Dear Nintendo:
All of us gamers know you will never let your games escape its ecosystem: Mario, Link, and Pikachu sell consoles, and lots of them. The problem is that the gaming market is rapidly expanding and we can tell you’re not sure of your place in a new mobile world. Sega’s last ten years likely make you shudder with fear.
But you can’t go mobile, because you need to sell consoles. So you need to expand your ecosystem, and start making a set-top box. Here’s why.
They Can Be Built Cheaply And Sold For A Profit.
Seriously. Look at Roku, Vizio, and other set-top boxes. You can put your name on one of these things, Nintendo, and sell it for $150. It doesn’t need a disc drive. It doesn’t even need an elaborate controller. It just needs some USB ports, a decent amount of internal storage, and a rock solid Internet connection.
You Have The Base Of Games People Want To Play.
It is perhaps understandable that you don’t want to be seen as a nostalgia factory, but let’s face it: You haven’t been cultivating much in the way of new franchises, Nintendo. You let Killer Instinct, Banjo Kazooie and Conker slip away to Microsoft. You haven’t exactly been supporting your newer franchises either; it took us how long to get Pikmin 3 again?
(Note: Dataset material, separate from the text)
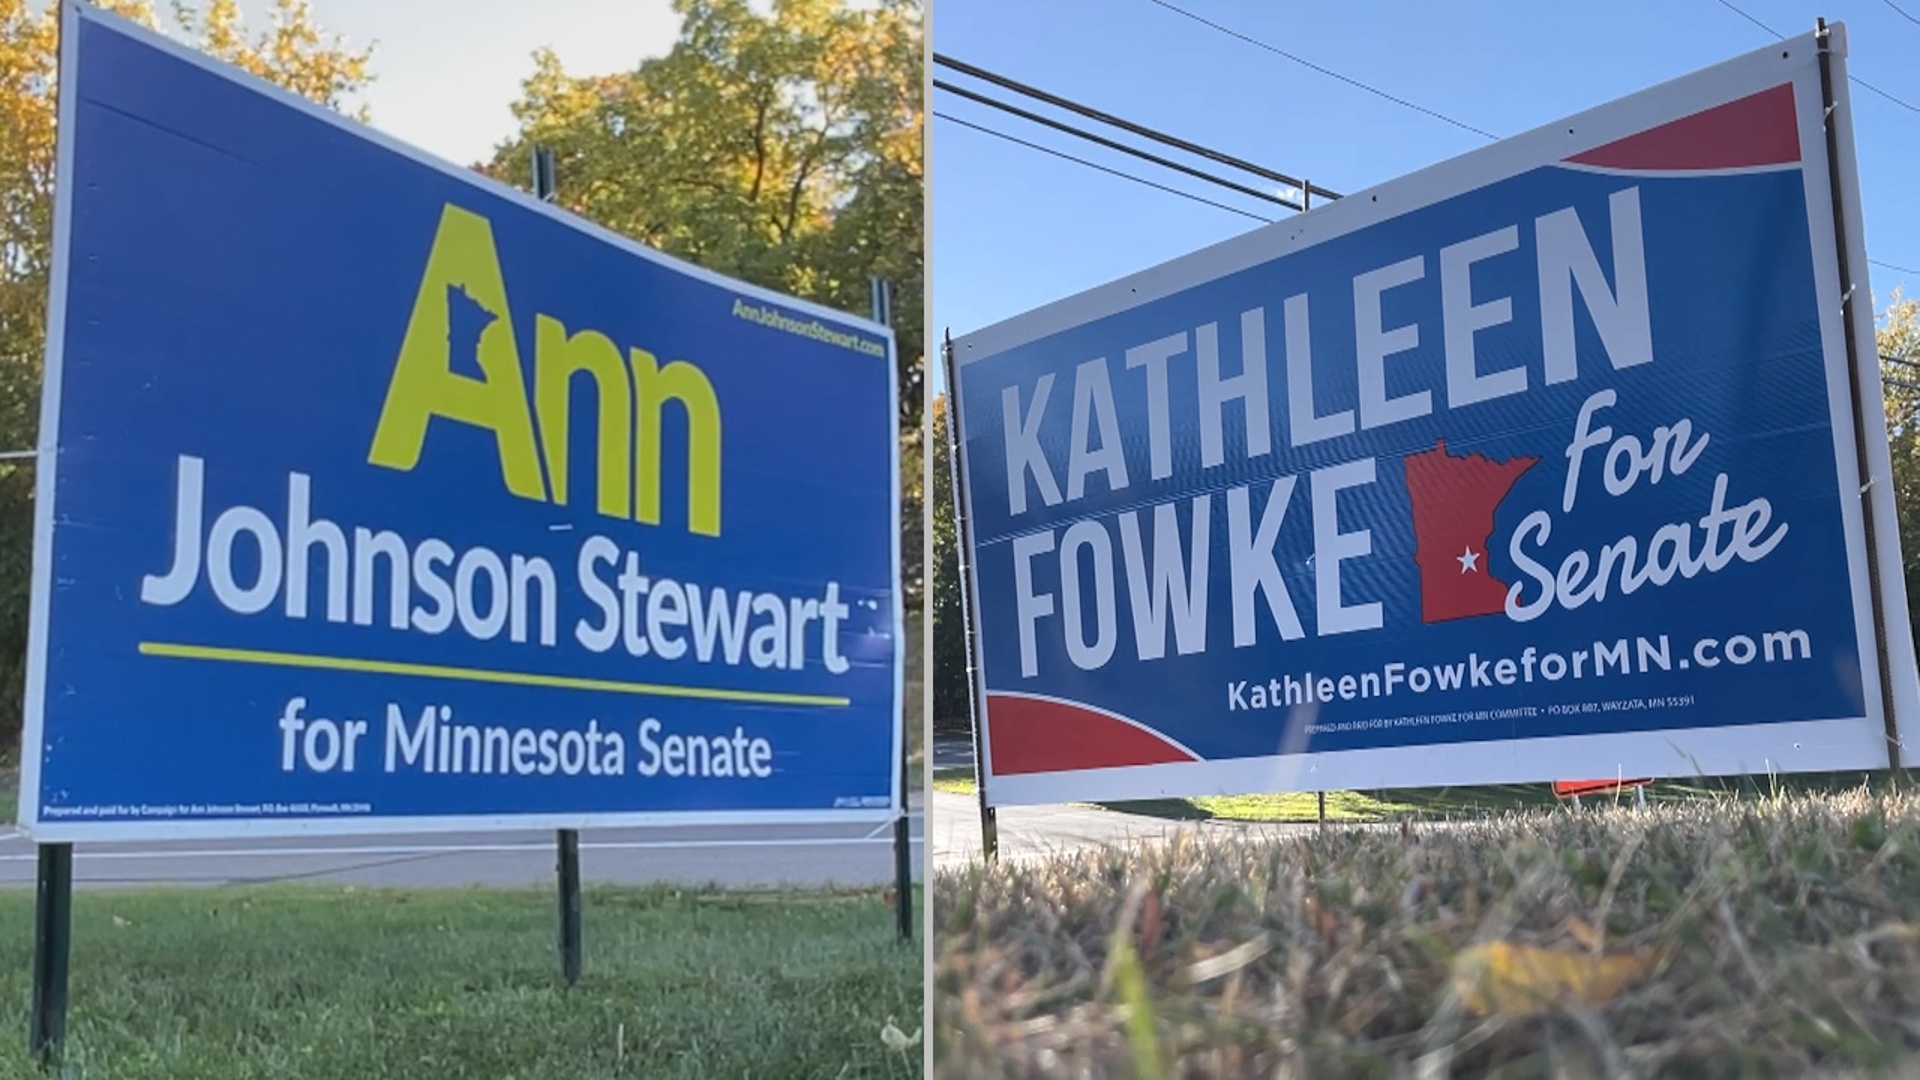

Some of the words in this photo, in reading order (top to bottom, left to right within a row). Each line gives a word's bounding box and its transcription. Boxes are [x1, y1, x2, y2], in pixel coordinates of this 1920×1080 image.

And you’ve happily been adding games from your past to the eShop.
So why screw around? Put out a box that works exclusively with the eShop and streams video, and spend the money to get as many beloved carts in there as possible. You get two markets that way: Parents who want simple games for children and Netflix when they go to bed, and dorks like me willing to buy Super Mario Bros. 3, again, because it’s great.
You Are A Trusted Name
Here’s the most basic thing, though. Yes, you see yourself as a toy company, but you are a trusted toy company.
Nintendo has been synonymous with consumer electronics for more than two decades. People know Nintendo, they like Nintendo, they trust Nintendo. You don’t want to be Google, you definitely don’t want to be Sony, but you do like selling video games, and this would be a great way to sell games and put yourself in even more living rooms.
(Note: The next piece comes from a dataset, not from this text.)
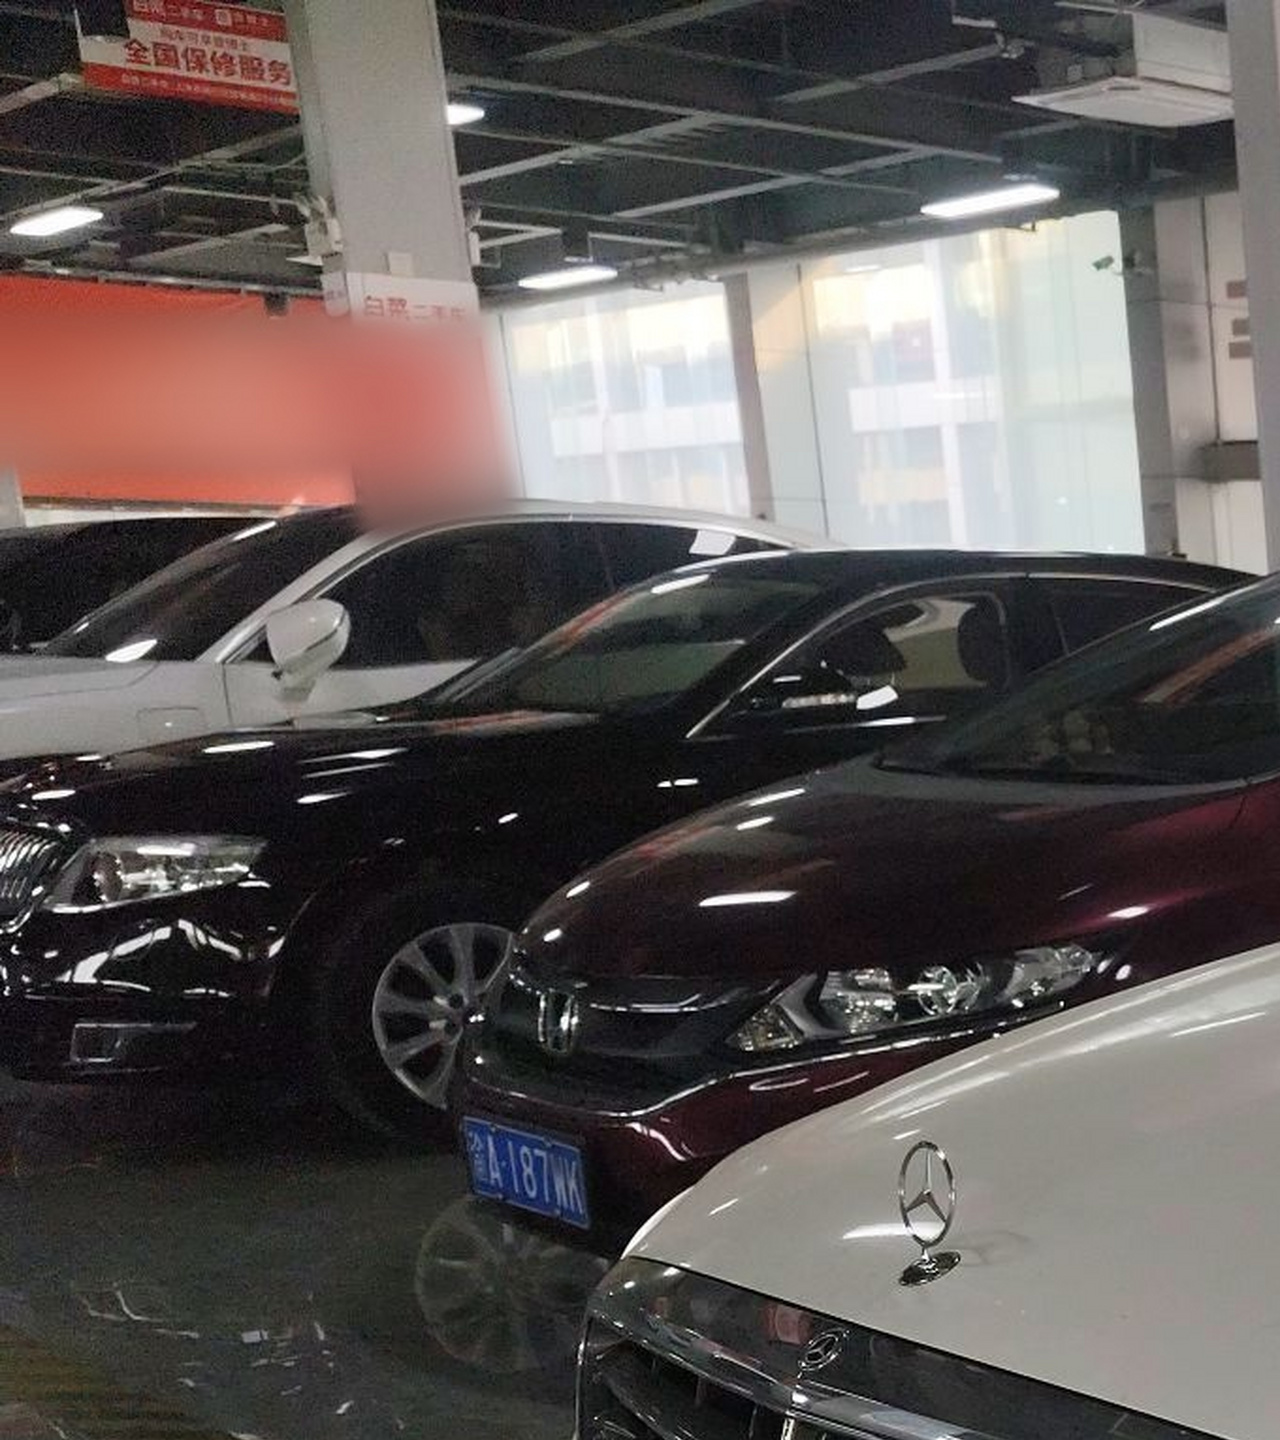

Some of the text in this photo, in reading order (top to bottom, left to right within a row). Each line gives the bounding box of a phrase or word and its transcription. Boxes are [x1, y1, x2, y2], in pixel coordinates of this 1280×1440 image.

So think about it: Remember, dorks and parents have money.




yes to all of this.
I would buy this over a Wii U.
samezies
Yeah, $350 and beating a grandma up I can’t justify, but a $150 box? With classic NES and SNES games? In a heartbeat.
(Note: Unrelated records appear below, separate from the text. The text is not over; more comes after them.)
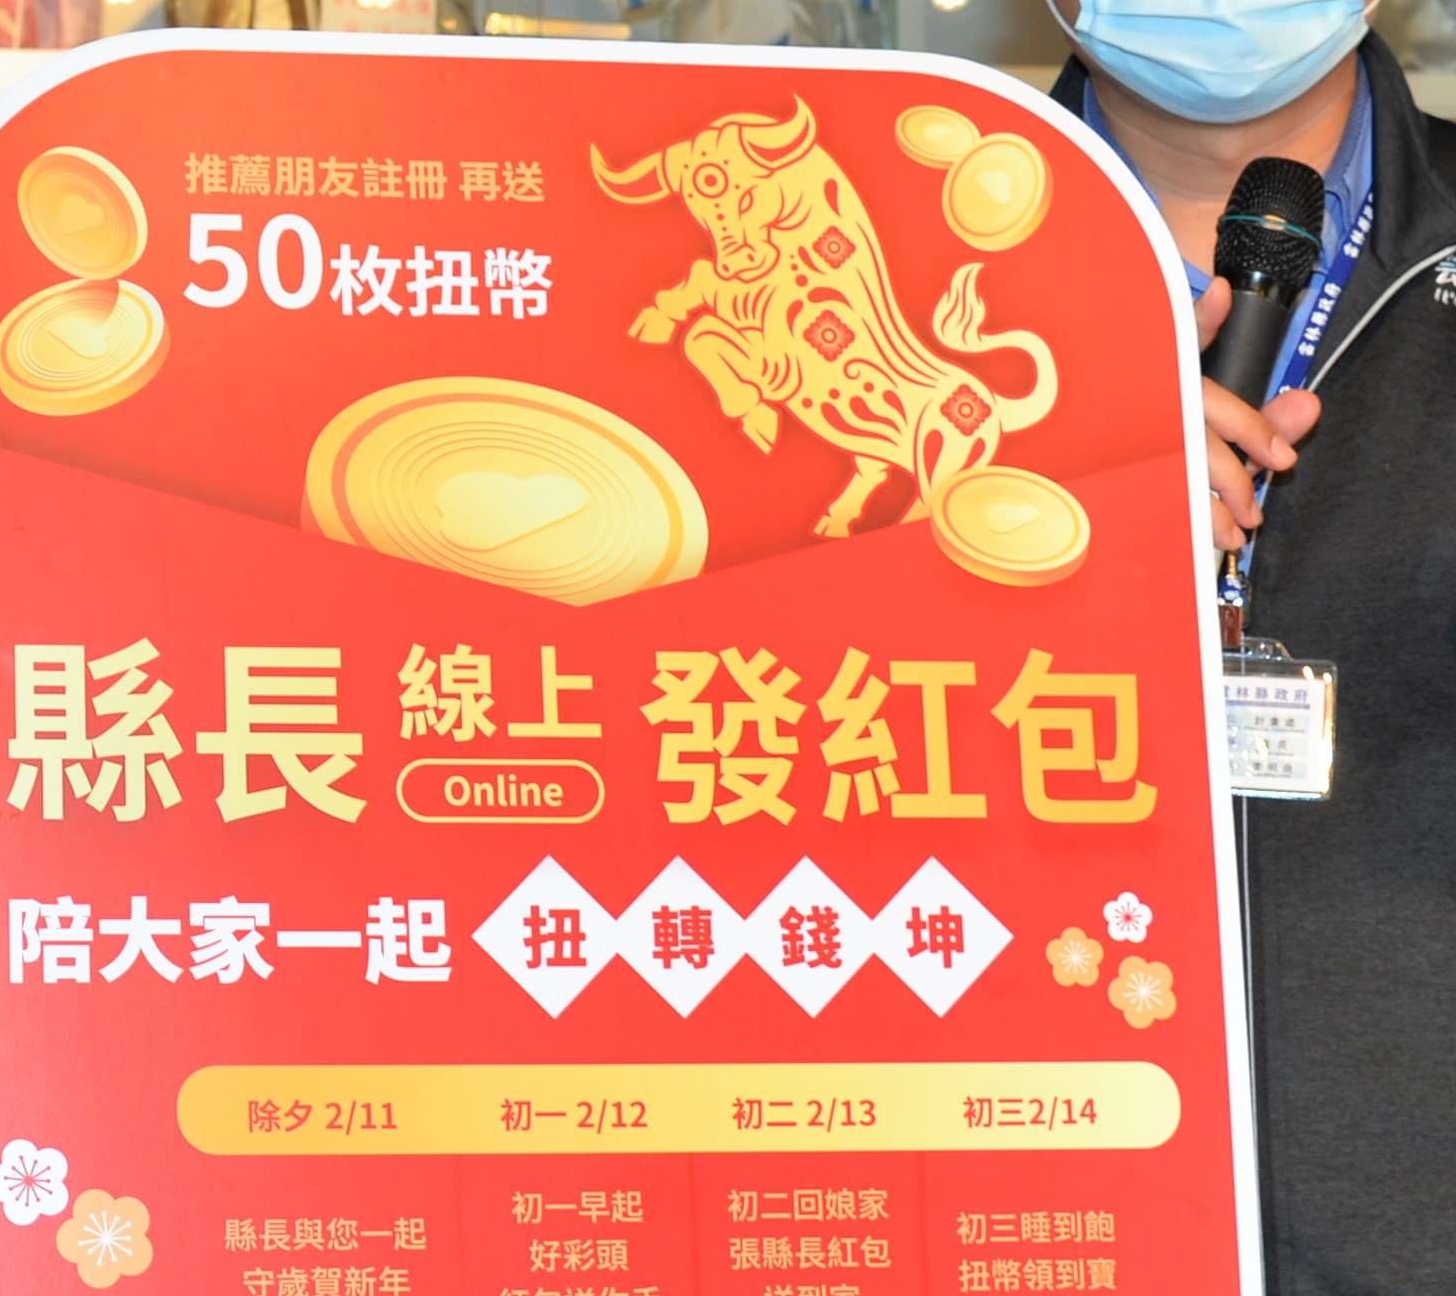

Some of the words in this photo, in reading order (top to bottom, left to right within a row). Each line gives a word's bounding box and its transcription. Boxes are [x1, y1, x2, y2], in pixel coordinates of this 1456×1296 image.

[184, 152, 448, 200] 推薦朋友註冊
[458, 161, 545, 202] 再送
[183, 213, 553, 320] 50枚扭幣
[6, 637, 367, 823] 縣長
[397, 643, 602, 742] 線上
[639, 646, 1158, 826] 發紅包
[444, 773, 564, 807] Online
[8, 895, 452, 985] 陪大家一起
[522, 904, 964, 967] 扭轉錢坤
[247, 1098, 313, 1133] 除夕
[325, 1100, 398, 1136] 2/11
[500, 1098, 567, 1132] 初一
[576, 1099, 648, 1135] 2/12
[732, 1097, 798, 1131] 初二
[806, 1097, 877, 1133] 2/13
[511, 1189, 644, 1225] 初一早起
[727, 1187, 889, 1222] 初二回娘家
[224, 1217, 427, 1252] 縣長與您一起
[956, 1210, 1116, 1245] 初三睡到飽
[529, 1238, 629, 1273] 好彩頭
[729, 1235, 892, 1271] 張縣長紅包
[958, 1257, 1117, 1293] 扭幣領到寶
Rather then squeeze every last drop out of 20+ year old games I’d rather them actually put some effort into remaking those games for modern hardware. I still have an NES hooked up to my TV and a huge stack of carts so there’s no incentive for me to pay for a ROM packaged in a featureless emulator. Nintendo is a company that can do things like hire an orchestra to do a traveling tour of Zelda music or hire Studio IG to hand draw all the graphics for Wario Land: Shake it, why not put those resources into definitive versions of those NES and SNES classics? I’d be far more willing to pick up a $300 console and spend $50 on an HD remake of Super Mario Bros. 3 then $5 on a non-transferable NES ROM.
I’d like to see that too, but I get why Nintendo doesn’t do it. Why spend the money to redo old games when most of the people buying them want the old graphics?
Because Super Mario All Stars?
Heh, I love that cart, but sadly for gaming this is not the ’90s.
I haven’t owned a Nintendo system since the game cube but if someone told me I could have a new system to play Mario and star fox and Zelda I’d buy that up.
If someone told me they were actually making a NEW star fox I’d buy that. Seriously, what the hell Nintendo?
Nintendo’s approach to its franchises that aren’t Mario/Zelda/Pokemon are pretty baffling.
Super smash bros + mario kart online would be quite amazing.
They’re selling an Atari in stores now with 60 built in games. It looks just like the original console. They should totally do that with the original NES. Load it up with 100 classics games and it will sell like hotcakes.